- Opening Delimiter -

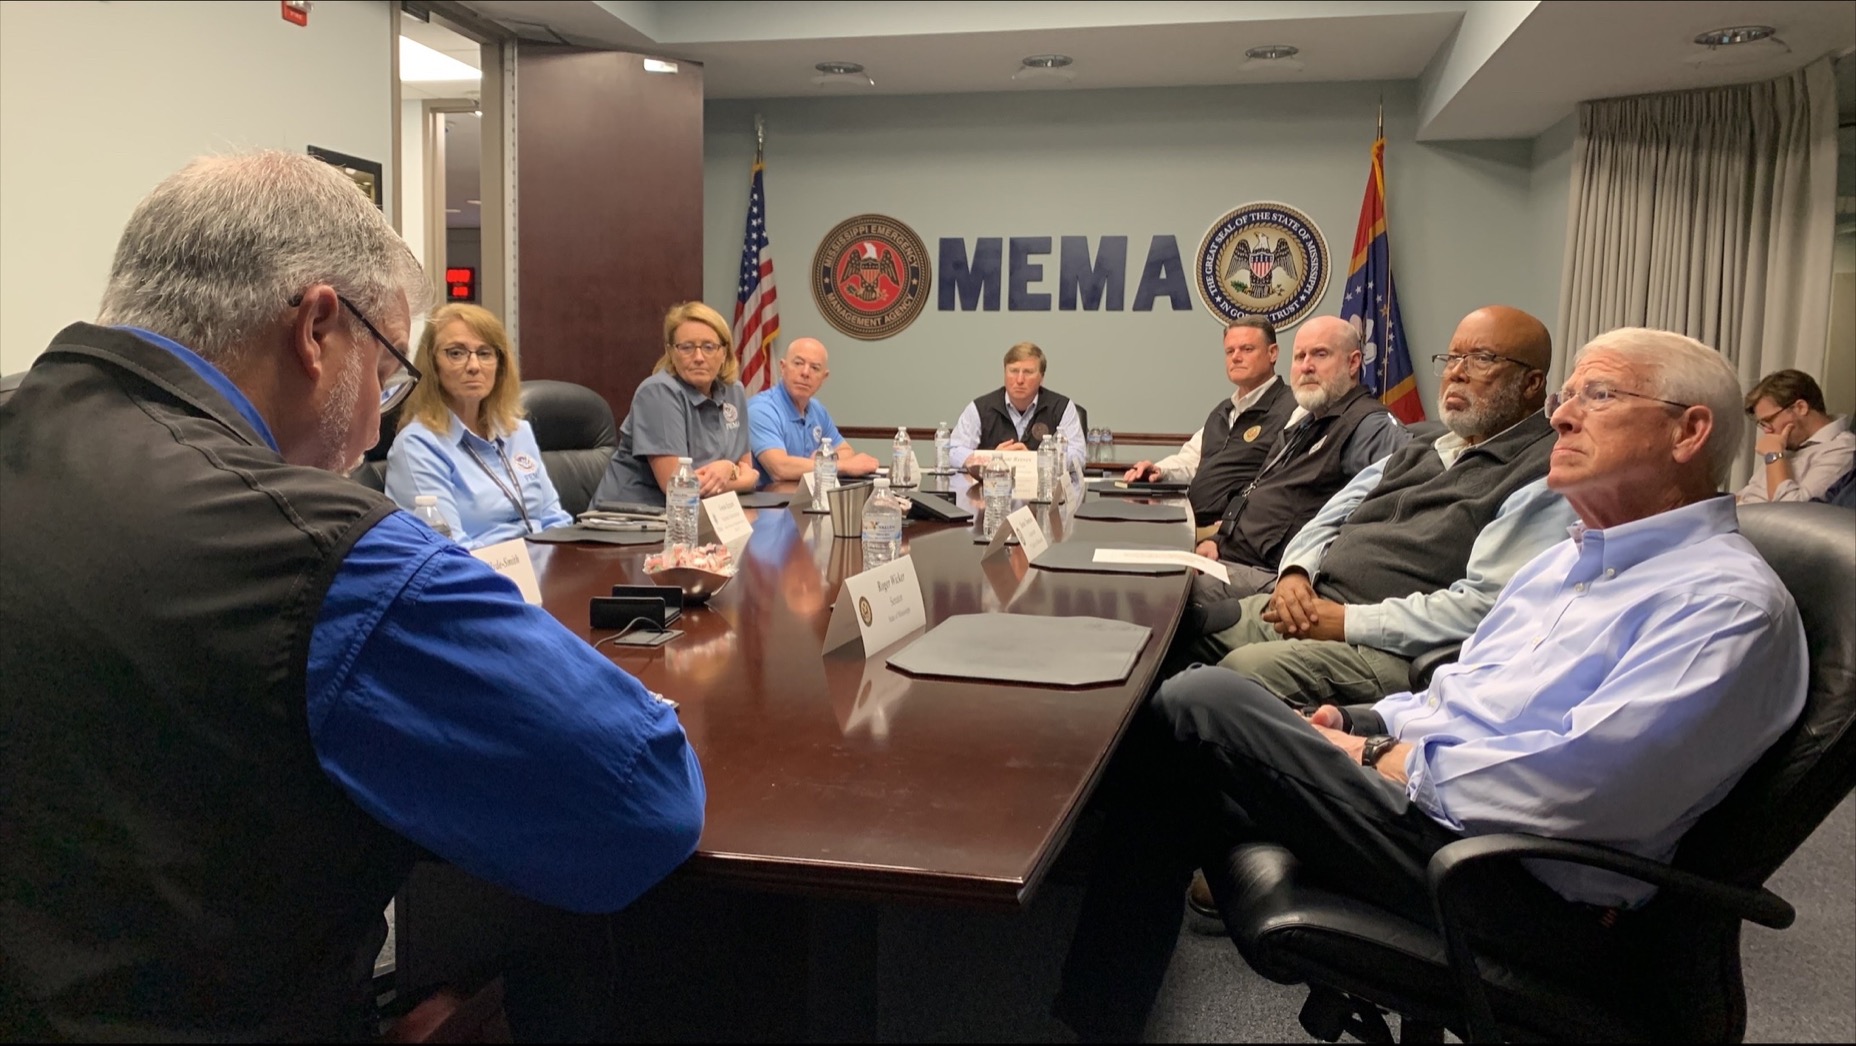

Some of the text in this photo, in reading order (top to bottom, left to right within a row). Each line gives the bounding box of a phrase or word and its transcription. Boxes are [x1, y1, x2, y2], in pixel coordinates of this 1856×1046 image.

[824, 225, 918, 267] MISSISSIPPI EMERGENCY
[1205, 211, 1319, 296] THE GREAT SEAL OF THE STATE OF MISSISSIPPI
[938, 234, 1192, 312] MEMA
[826, 292, 914, 327] MANAGEMENT AGENCY
[1219, 300, 1231, 312] IN
[1270, 300, 1300, 321] TRUST
[876, 572, 905, 593] Roger Wicker

- Closing Delimiter -

Each line above is to be copied verbatim. Drop any image from the copy.

▸ Finished exercise:
Some of the text in this photo, in reading order (top to bottom, left to right within a row). Each line gives the bounding box of a phrase or word and its transcription. Boxes are [x1, y1, x2, y2], in pixel coordinates of this 1856×1046 image.

[824, 225, 918, 267] MISSISSIPPI EMERGENCY
[1205, 211, 1319, 296] THE GREAT SEAL OF THE STATE OF MISSISSIPPI
[938, 234, 1192, 312] MEMA
[826, 292, 914, 327] MANAGEMENT AGENCY
[1219, 300, 1231, 312] IN
[1270, 300, 1300, 321] TRUST
[876, 572, 905, 593] Roger Wicker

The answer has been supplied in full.